START Dataset content
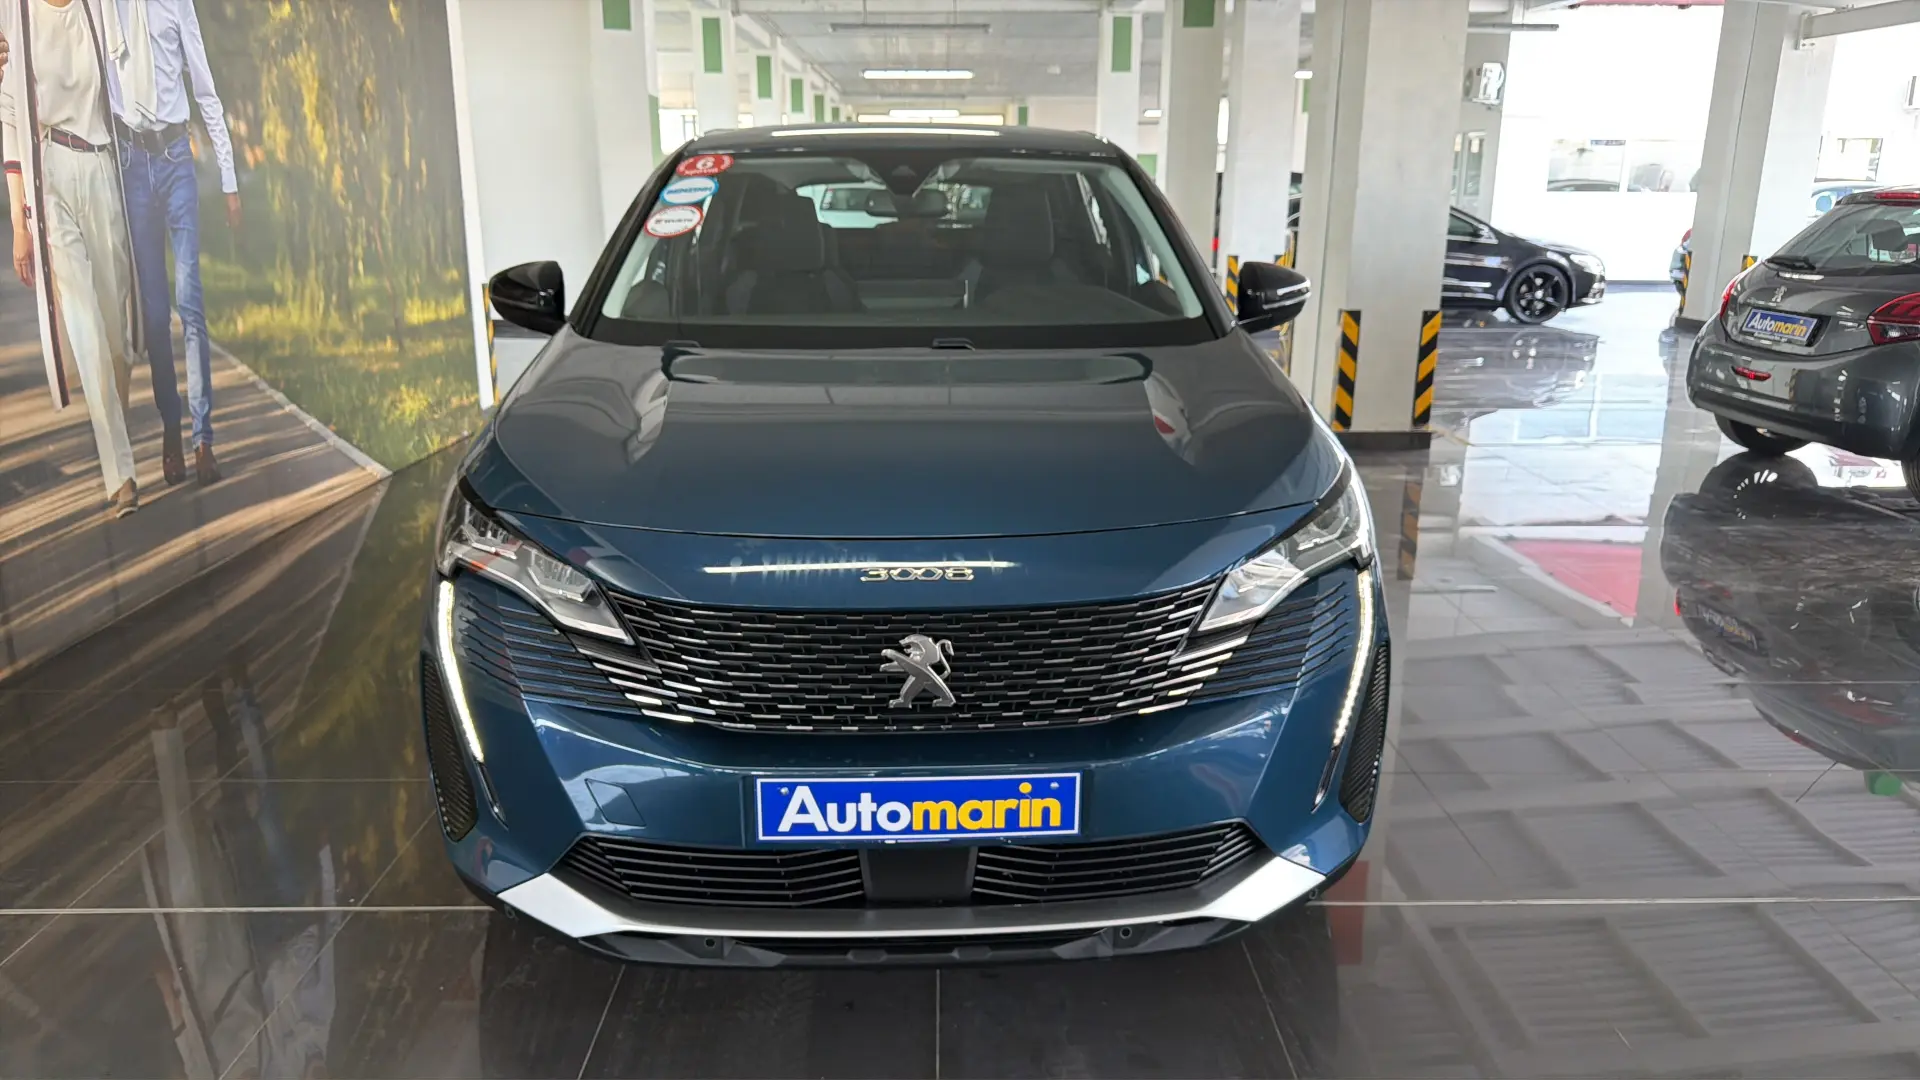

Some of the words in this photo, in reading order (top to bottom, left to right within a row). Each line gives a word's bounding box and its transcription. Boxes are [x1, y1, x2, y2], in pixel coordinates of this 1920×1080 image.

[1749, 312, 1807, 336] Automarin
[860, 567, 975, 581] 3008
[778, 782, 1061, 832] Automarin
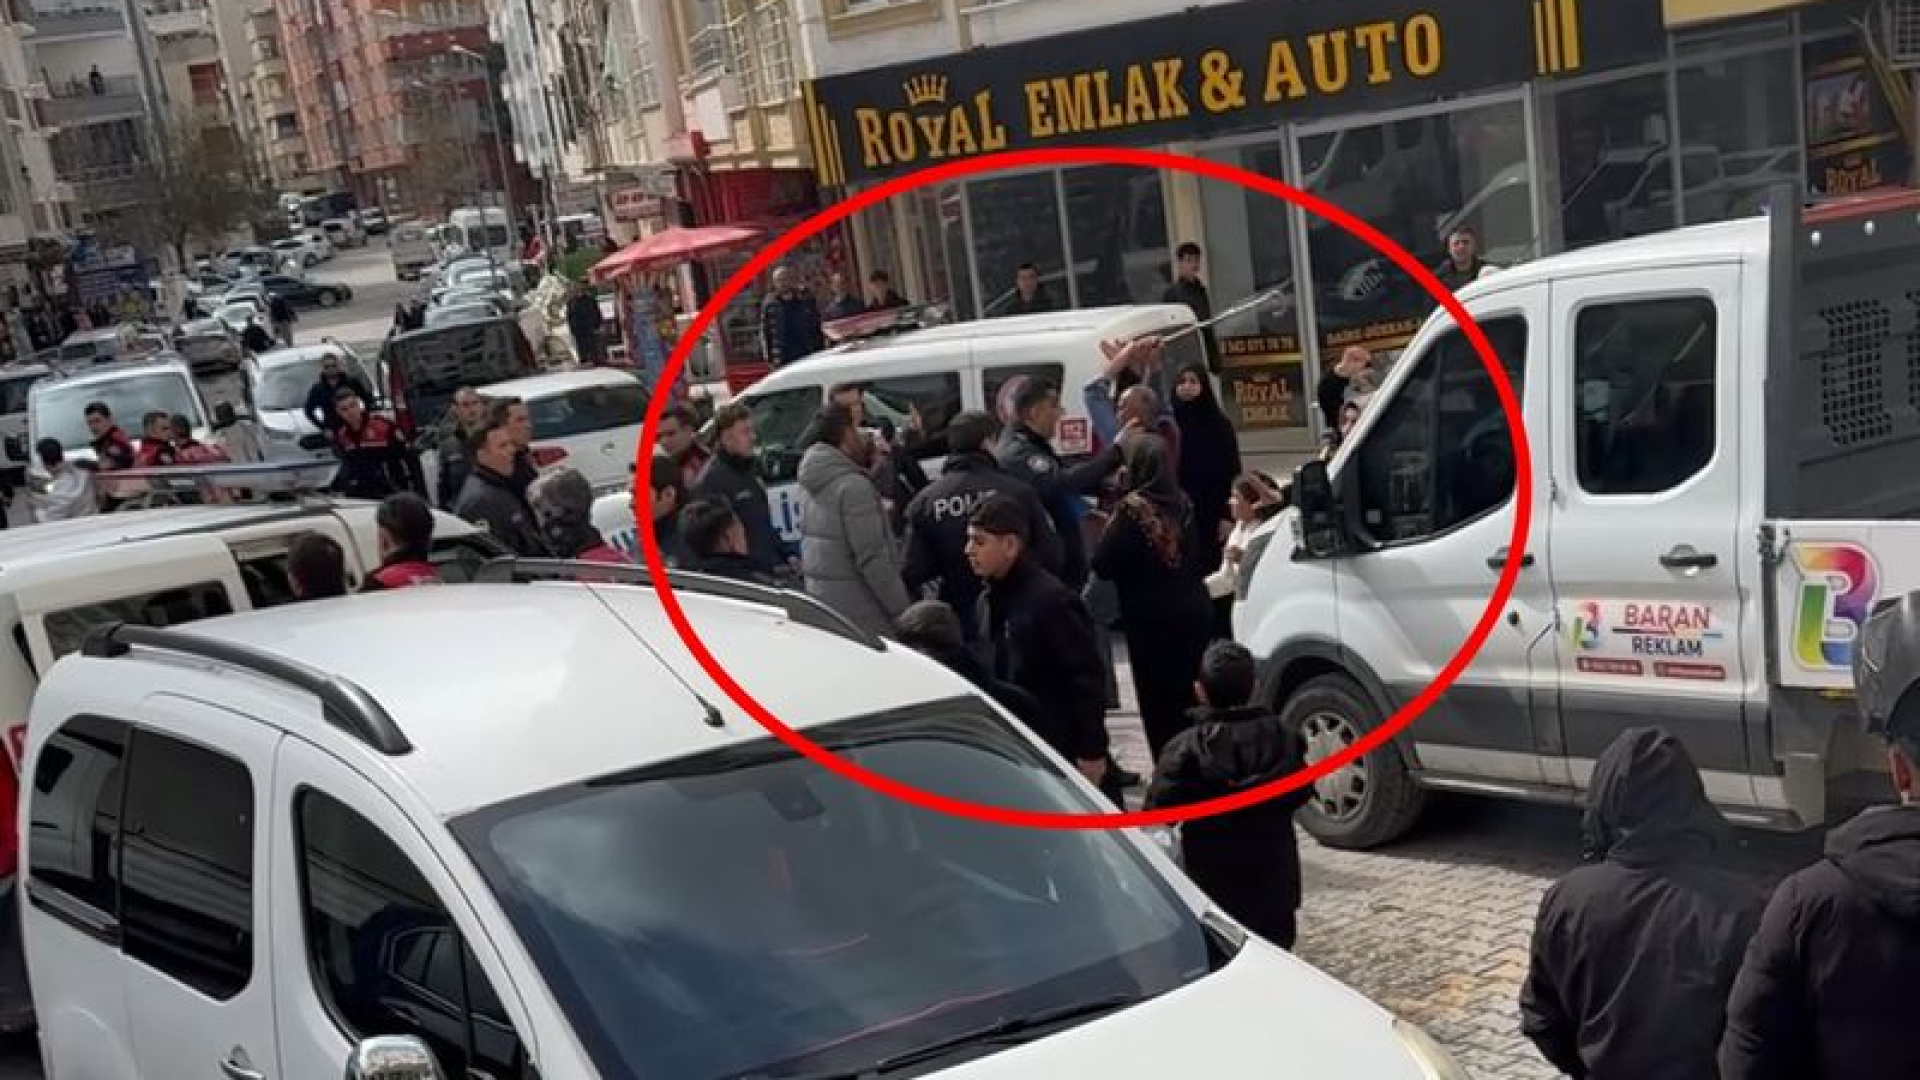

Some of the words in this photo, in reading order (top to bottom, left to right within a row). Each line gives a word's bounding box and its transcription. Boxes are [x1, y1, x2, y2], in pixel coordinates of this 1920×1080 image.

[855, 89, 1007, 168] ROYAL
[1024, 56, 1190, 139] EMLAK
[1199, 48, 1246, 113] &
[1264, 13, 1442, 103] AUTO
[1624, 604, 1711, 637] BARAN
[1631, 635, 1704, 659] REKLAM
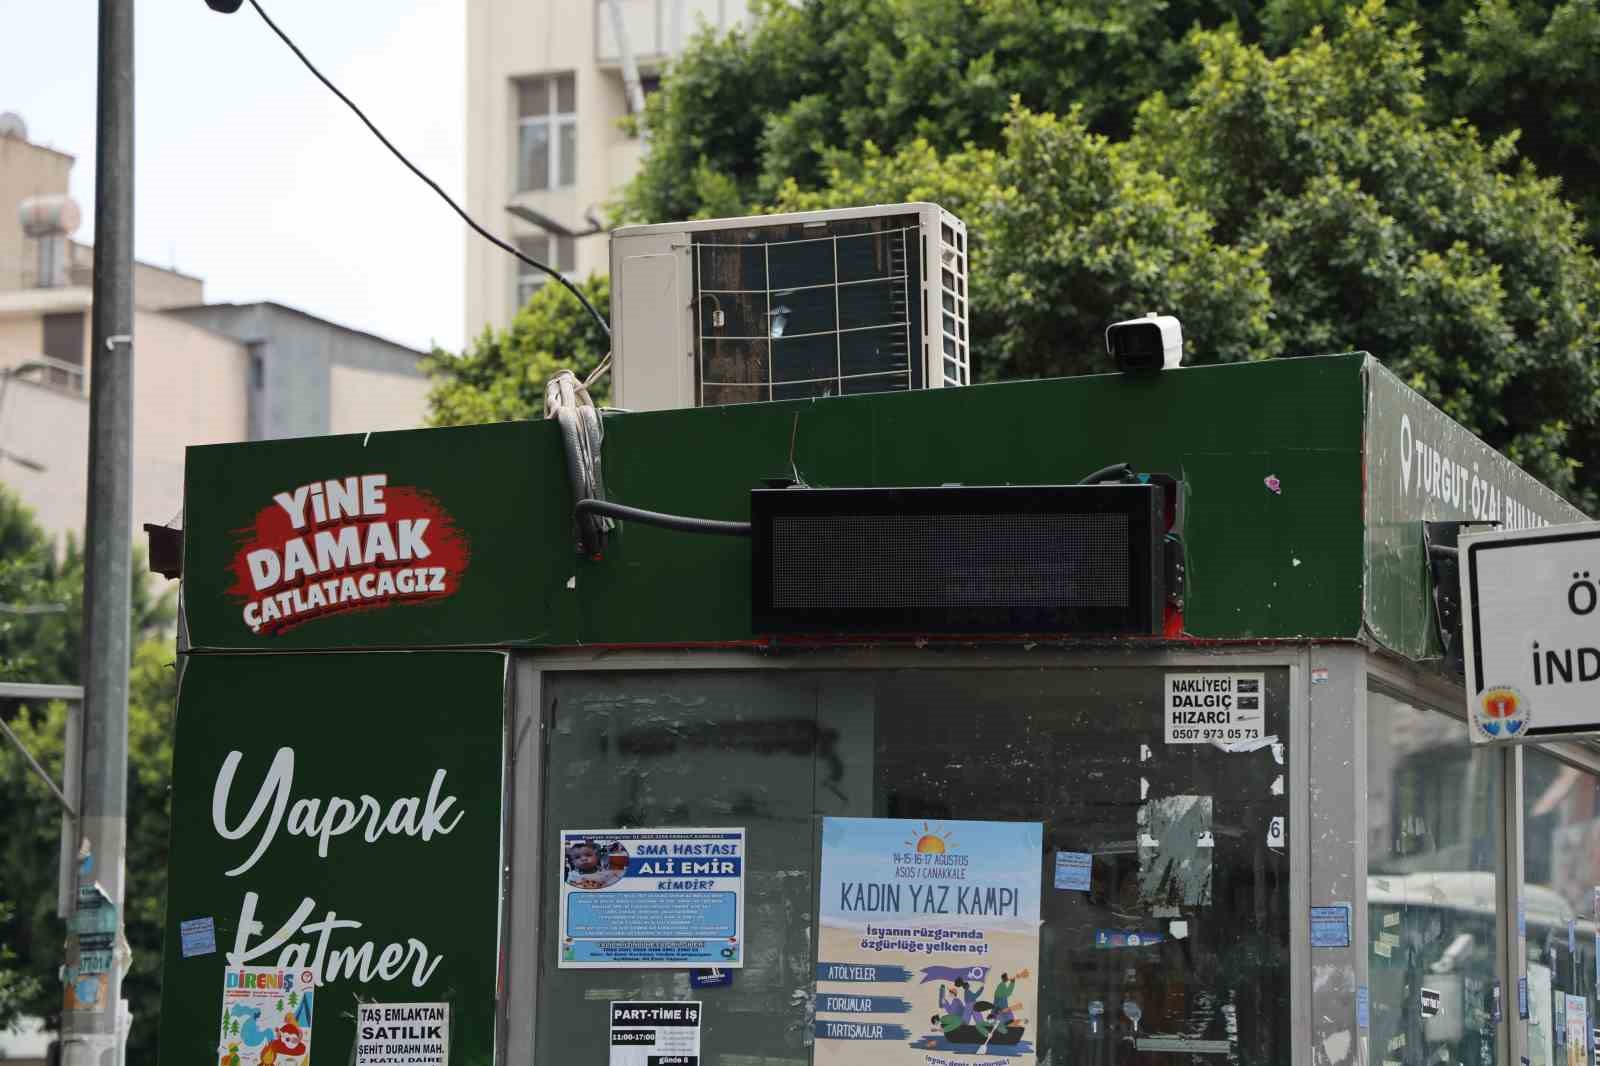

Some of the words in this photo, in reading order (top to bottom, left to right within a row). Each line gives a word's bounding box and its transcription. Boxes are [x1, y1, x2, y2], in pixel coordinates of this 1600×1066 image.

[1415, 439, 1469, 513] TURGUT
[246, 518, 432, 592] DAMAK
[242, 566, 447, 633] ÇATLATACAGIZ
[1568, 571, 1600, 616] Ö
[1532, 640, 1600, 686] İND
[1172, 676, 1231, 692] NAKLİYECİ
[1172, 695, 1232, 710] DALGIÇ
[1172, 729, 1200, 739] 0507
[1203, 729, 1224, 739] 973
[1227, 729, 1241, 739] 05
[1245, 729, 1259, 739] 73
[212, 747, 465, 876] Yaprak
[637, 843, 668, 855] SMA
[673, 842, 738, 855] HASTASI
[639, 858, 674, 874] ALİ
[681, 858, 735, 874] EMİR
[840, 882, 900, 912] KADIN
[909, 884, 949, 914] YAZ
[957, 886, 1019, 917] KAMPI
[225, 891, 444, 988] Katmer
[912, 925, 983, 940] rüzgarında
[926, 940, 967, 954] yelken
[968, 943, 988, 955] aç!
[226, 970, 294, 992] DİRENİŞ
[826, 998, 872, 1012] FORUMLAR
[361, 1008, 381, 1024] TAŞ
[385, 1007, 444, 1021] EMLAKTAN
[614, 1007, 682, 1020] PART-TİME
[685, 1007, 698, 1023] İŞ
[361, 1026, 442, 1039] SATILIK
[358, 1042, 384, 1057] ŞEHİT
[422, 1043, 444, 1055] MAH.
END Dataset content
# Problem requirements
Give back the entries verbatim but drop every picture.

# Response for this exercise
Some of the words in this photo, in reading order (top to bottom, left to right within a row). Each line gives a word's bounding box and its transcription. Boxes are [x1, y1, x2, y2], in pixel coordinates of this 1920×1080 image.

[1749, 312, 1807, 336] Automarin
[860, 567, 975, 581] 3008
[778, 782, 1061, 832] Automarin

Some of the words in this photo, in reading order (top to bottom, left to right within a row). Each line gives a word's bounding box and its transcription. Boxes are [x1, y1, x2, y2], in pixel coordinates of this 1920×1080 image.

[855, 89, 1007, 168] ROYAL
[1024, 56, 1190, 139] EMLAK
[1199, 48, 1246, 113] &
[1264, 13, 1442, 103] AUTO
[1624, 604, 1711, 637] BARAN
[1631, 635, 1704, 659] REKLAM

Some of the words in this photo, in reading order (top to bottom, left to right within a row). Each line gives a word's bounding box and its transcription. Boxes are [x1, y1, x2, y2], in pixel coordinates of this 1600×1066 image.

[1415, 439, 1469, 513] TURGUT
[246, 518, 432, 592] DAMAK
[242, 566, 447, 633] ÇATLATACAGIZ
[1568, 571, 1600, 616] Ö
[1532, 640, 1600, 686] İND
[1172, 676, 1231, 692] NAKLİYECİ
[1172, 695, 1232, 710] DALGIÇ
[1172, 729, 1200, 739] 0507
[1203, 729, 1224, 739] 973
[1227, 729, 1241, 739] 05
[1245, 729, 1259, 739] 73
[212, 747, 465, 876] Yaprak
[637, 843, 668, 855] SMA
[673, 842, 738, 855] HASTASI
[639, 858, 674, 874] ALİ
[681, 858, 735, 874] EMİR
[840, 882, 900, 912] KADIN
[909, 884, 949, 914] YAZ
[957, 886, 1019, 917] KAMPI
[225, 891, 444, 988] Katmer
[912, 925, 983, 940] rüzgarında
[926, 940, 967, 954] yelken
[968, 943, 988, 955] aç!
[226, 970, 294, 992] DİRENİŞ
[826, 998, 872, 1012] FORUMLAR
[361, 1008, 381, 1024] TAŞ
[385, 1007, 444, 1021] EMLAKTAN
[614, 1007, 682, 1020] PART-TİME
[685, 1007, 698, 1023] İŞ
[361, 1026, 442, 1039] SATILIK
[358, 1042, 384, 1057] ŞEHİT
[422, 1043, 444, 1055] MAH.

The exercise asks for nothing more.